'''
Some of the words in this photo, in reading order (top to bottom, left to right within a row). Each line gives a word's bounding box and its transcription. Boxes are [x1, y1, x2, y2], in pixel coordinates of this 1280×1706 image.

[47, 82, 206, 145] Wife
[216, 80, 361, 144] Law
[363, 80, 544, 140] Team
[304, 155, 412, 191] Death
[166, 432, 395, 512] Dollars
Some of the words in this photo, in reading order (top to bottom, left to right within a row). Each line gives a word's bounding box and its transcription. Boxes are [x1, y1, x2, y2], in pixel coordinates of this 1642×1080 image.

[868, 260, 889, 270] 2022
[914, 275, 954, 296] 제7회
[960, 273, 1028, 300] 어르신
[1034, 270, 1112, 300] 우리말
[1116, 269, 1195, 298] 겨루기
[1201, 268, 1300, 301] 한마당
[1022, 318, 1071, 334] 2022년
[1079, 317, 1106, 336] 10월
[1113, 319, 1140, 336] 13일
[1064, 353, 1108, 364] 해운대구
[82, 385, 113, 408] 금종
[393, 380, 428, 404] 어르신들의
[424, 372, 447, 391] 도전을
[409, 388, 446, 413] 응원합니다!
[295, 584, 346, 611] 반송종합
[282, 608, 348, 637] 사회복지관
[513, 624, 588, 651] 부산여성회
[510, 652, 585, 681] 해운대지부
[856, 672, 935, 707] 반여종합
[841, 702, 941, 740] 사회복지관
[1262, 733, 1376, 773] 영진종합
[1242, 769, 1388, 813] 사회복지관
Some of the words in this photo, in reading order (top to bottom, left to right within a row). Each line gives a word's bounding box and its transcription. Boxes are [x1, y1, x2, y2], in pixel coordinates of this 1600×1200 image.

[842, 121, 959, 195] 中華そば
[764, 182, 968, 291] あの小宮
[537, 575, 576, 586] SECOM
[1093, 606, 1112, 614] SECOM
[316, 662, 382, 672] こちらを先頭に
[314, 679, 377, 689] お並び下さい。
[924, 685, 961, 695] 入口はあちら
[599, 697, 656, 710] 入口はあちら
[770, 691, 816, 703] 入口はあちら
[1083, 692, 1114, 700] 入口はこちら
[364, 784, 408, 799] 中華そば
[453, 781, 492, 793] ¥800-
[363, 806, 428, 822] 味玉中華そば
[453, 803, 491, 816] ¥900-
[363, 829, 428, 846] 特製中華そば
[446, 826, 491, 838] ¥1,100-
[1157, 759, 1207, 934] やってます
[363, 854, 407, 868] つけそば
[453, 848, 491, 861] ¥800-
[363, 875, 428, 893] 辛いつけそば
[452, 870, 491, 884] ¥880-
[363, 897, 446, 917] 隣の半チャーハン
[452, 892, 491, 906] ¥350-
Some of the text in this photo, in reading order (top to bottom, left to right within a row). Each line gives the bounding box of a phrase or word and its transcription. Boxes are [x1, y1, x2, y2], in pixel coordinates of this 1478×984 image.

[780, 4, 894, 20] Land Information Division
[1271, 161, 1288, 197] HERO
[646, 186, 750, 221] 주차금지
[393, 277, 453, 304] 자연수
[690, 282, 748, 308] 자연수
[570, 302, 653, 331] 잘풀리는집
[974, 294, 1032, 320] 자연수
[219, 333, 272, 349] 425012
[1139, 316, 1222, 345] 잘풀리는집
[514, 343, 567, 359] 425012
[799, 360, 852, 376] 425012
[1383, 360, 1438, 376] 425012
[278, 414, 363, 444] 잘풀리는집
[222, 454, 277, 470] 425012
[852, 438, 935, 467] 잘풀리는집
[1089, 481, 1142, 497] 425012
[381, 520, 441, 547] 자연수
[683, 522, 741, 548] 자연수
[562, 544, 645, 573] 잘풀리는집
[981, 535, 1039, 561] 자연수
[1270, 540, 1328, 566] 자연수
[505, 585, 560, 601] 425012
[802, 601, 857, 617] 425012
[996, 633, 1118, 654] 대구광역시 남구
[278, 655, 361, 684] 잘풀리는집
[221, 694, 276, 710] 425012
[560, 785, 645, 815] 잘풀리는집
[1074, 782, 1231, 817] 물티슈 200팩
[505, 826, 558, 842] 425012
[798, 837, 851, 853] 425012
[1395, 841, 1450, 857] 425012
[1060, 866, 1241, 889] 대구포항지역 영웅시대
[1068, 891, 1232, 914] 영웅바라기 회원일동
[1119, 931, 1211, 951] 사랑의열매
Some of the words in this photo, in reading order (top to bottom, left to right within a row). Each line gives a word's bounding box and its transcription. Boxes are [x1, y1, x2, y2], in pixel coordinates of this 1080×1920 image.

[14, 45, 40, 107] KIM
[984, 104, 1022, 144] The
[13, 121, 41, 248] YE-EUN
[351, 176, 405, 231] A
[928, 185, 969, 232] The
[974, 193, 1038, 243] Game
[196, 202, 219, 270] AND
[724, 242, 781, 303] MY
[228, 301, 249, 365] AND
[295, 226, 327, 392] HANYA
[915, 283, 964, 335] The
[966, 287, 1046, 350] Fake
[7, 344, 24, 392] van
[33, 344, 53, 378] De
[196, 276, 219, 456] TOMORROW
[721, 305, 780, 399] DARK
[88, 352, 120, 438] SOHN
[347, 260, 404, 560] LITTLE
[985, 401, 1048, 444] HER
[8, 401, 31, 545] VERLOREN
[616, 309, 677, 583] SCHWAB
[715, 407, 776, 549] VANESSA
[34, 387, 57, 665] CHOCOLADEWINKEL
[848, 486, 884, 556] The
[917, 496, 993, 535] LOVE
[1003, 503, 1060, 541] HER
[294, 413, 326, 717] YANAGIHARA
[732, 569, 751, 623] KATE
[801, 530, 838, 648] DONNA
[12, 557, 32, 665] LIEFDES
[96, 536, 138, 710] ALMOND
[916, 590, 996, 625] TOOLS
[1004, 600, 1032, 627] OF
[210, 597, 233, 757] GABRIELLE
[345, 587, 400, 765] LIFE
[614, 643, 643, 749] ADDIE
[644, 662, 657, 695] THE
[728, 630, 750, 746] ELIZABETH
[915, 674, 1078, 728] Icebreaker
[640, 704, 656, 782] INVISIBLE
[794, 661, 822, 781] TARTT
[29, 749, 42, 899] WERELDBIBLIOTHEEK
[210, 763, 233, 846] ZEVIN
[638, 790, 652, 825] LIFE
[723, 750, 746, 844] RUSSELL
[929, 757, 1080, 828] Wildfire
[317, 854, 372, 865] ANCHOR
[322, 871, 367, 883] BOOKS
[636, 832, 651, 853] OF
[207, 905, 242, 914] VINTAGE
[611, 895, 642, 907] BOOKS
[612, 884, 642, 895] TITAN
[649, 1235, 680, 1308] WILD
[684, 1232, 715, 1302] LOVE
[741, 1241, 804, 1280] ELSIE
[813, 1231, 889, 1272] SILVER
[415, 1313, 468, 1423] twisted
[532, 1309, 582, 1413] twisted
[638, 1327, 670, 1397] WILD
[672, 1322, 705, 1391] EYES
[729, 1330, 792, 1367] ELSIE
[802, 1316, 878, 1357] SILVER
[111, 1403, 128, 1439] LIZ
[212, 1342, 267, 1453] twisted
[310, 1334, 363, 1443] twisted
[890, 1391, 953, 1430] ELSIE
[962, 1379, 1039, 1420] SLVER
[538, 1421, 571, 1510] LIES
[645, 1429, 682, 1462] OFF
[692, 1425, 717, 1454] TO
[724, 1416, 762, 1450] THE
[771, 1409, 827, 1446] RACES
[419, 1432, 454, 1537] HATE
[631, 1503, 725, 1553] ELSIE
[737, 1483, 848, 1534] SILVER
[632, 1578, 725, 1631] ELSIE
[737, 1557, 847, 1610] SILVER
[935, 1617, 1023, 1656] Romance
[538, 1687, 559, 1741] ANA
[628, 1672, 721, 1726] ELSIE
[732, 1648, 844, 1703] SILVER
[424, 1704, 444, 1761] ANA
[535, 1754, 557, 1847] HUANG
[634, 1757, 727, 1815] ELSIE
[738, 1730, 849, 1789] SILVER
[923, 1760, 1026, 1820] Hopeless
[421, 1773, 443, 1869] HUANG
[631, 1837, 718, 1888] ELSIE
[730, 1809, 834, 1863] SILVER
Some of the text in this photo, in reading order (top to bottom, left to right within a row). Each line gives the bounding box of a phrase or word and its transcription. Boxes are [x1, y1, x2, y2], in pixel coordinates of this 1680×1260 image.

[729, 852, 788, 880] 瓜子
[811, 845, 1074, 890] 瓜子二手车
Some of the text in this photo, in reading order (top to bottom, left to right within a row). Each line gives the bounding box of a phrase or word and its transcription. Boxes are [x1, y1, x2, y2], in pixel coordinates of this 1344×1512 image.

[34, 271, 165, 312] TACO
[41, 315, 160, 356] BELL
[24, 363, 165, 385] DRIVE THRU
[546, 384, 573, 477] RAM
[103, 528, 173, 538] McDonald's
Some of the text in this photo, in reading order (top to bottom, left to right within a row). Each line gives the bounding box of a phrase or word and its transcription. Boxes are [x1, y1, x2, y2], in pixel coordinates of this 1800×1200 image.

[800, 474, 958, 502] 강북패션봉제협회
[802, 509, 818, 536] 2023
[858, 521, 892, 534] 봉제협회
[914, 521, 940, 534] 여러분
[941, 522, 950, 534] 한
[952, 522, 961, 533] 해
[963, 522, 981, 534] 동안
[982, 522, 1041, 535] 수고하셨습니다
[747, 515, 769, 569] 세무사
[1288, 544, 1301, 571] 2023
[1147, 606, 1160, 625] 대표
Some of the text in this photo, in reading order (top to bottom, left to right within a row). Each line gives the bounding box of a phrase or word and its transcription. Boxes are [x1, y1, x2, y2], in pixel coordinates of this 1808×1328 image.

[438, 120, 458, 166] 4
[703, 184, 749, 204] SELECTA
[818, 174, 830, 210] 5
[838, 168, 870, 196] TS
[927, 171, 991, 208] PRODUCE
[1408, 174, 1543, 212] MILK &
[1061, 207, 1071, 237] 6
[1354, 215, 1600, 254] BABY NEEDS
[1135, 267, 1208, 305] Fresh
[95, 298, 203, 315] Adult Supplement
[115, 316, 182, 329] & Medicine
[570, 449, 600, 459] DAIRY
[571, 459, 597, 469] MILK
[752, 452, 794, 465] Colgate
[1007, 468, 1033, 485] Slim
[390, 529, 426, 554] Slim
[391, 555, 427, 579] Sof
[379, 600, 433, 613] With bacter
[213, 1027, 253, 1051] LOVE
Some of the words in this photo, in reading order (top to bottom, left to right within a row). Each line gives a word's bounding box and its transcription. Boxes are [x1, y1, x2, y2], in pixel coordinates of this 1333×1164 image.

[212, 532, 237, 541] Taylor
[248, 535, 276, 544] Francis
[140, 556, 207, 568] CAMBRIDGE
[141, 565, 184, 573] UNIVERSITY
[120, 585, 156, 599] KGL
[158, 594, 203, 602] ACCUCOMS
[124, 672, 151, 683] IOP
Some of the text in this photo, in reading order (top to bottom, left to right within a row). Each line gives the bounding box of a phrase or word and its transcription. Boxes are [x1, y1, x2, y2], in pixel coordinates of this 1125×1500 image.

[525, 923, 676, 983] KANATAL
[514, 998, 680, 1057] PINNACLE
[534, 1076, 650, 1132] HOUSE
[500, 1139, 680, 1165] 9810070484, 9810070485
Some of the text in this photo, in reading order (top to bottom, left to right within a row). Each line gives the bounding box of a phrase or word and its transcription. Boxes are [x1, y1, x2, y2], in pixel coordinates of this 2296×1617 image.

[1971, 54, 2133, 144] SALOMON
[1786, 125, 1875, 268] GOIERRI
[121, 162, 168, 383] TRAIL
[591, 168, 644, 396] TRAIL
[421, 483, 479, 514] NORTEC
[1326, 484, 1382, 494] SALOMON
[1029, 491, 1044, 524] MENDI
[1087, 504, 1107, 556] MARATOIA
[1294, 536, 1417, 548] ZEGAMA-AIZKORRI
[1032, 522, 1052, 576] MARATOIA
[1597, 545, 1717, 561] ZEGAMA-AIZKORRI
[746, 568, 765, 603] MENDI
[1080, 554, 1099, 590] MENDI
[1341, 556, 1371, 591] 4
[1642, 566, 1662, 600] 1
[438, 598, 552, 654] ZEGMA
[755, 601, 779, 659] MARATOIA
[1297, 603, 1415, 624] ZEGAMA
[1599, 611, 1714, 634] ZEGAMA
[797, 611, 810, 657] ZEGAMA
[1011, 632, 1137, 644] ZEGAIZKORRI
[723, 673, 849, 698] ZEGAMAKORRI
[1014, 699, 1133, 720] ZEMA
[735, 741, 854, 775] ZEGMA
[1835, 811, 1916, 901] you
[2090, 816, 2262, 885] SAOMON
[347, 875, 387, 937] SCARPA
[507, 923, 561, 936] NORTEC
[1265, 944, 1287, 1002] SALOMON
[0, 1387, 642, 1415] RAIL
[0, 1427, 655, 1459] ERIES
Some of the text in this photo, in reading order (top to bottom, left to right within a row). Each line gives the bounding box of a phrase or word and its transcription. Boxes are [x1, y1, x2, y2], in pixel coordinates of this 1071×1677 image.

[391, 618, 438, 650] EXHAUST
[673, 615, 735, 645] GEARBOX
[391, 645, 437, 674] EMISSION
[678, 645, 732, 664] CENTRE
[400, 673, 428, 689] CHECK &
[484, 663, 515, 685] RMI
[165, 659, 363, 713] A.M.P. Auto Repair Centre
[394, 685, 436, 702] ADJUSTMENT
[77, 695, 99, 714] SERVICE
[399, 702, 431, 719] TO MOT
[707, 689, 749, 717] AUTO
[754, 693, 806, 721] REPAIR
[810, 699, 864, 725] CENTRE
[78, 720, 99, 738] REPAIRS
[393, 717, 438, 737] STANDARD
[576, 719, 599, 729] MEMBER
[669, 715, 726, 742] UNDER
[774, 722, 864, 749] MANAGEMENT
'''
▶ **Aim of the task**: The answer must be the line containing "this 2296×1617 image." and every line after it to the end of the data, exactly as written.

▶ **Response area**:
Some of the text in this photo, in reading order (top to bottom, left to right within a row). Each line gives the bounding box of a phrase or word and its transcription. Boxes are [x1, y1, x2, y2], in pixel coordinates of this 2296×1617 image.

[1971, 54, 2133, 144] SALOMON
[1786, 125, 1875, 268] GOIERRI
[121, 162, 168, 383] TRAIL
[591, 168, 644, 396] TRAIL
[421, 483, 479, 514] NORTEC
[1326, 484, 1382, 494] SALOMON
[1029, 491, 1044, 524] MENDI
[1087, 504, 1107, 556] MARATOIA
[1294, 536, 1417, 548] ZEGAMA-AIZKORRI
[1032, 522, 1052, 576] MARATOIA
[1597, 545, 1717, 561] ZEGAMA-AIZKORRI
[746, 568, 765, 603] MENDI
[1080, 554, 1099, 590] MENDI
[1341, 556, 1371, 591] 4
[1642, 566, 1662, 600] 1
[438, 598, 552, 654] ZEGMA
[755, 601, 779, 659] MARATOIA
[1297, 603, 1415, 624] ZEGAMA
[1599, 611, 1714, 634] ZEGAMA
[797, 611, 810, 657] ZEGAMA
[1011, 632, 1137, 644] ZEGAIZKORRI
[723, 673, 849, 698] ZEGAMAKORRI
[1014, 699, 1133, 720] ZEMA
[735, 741, 854, 775] ZEGMA
[1835, 811, 1916, 901] you
[2090, 816, 2262, 885] SAOMON
[347, 875, 387, 937] SCARPA
[507, 923, 561, 936] NORTEC
[1265, 944, 1287, 1002] SALOMON
[0, 1387, 642, 1415] RAIL
[0, 1427, 655, 1459] ERIES
Some of the text in this photo, in reading order (top to bottom, left to right within a row). Each line gives the bounding box of a phrase or word and its transcription. Boxes are [x1, y1, x2, y2], in pixel coordinates of this 1071×1677 image.

[391, 618, 438, 650] EXHAUST
[673, 615, 735, 645] GEARBOX
[391, 645, 437, 674] EMISSION
[678, 645, 732, 664] CENTRE
[400, 673, 428, 689] CHECK &
[484, 663, 515, 685] RMI
[165, 659, 363, 713] A.M.P. Auto Repair Centre
[394, 685, 436, 702] ADJUSTMENT
[77, 695, 99, 714] SERVICE
[399, 702, 431, 719] TO MOT
[707, 689, 749, 717] AUTO
[754, 693, 806, 721] REPAIR
[810, 699, 864, 725] CENTRE
[78, 720, 99, 738] REPAIRS
[393, 717, 438, 737] STANDARD
[576, 719, 599, 729] MEMBER
[669, 715, 726, 742] UNDER
[774, 722, 864, 749] MANAGEMENT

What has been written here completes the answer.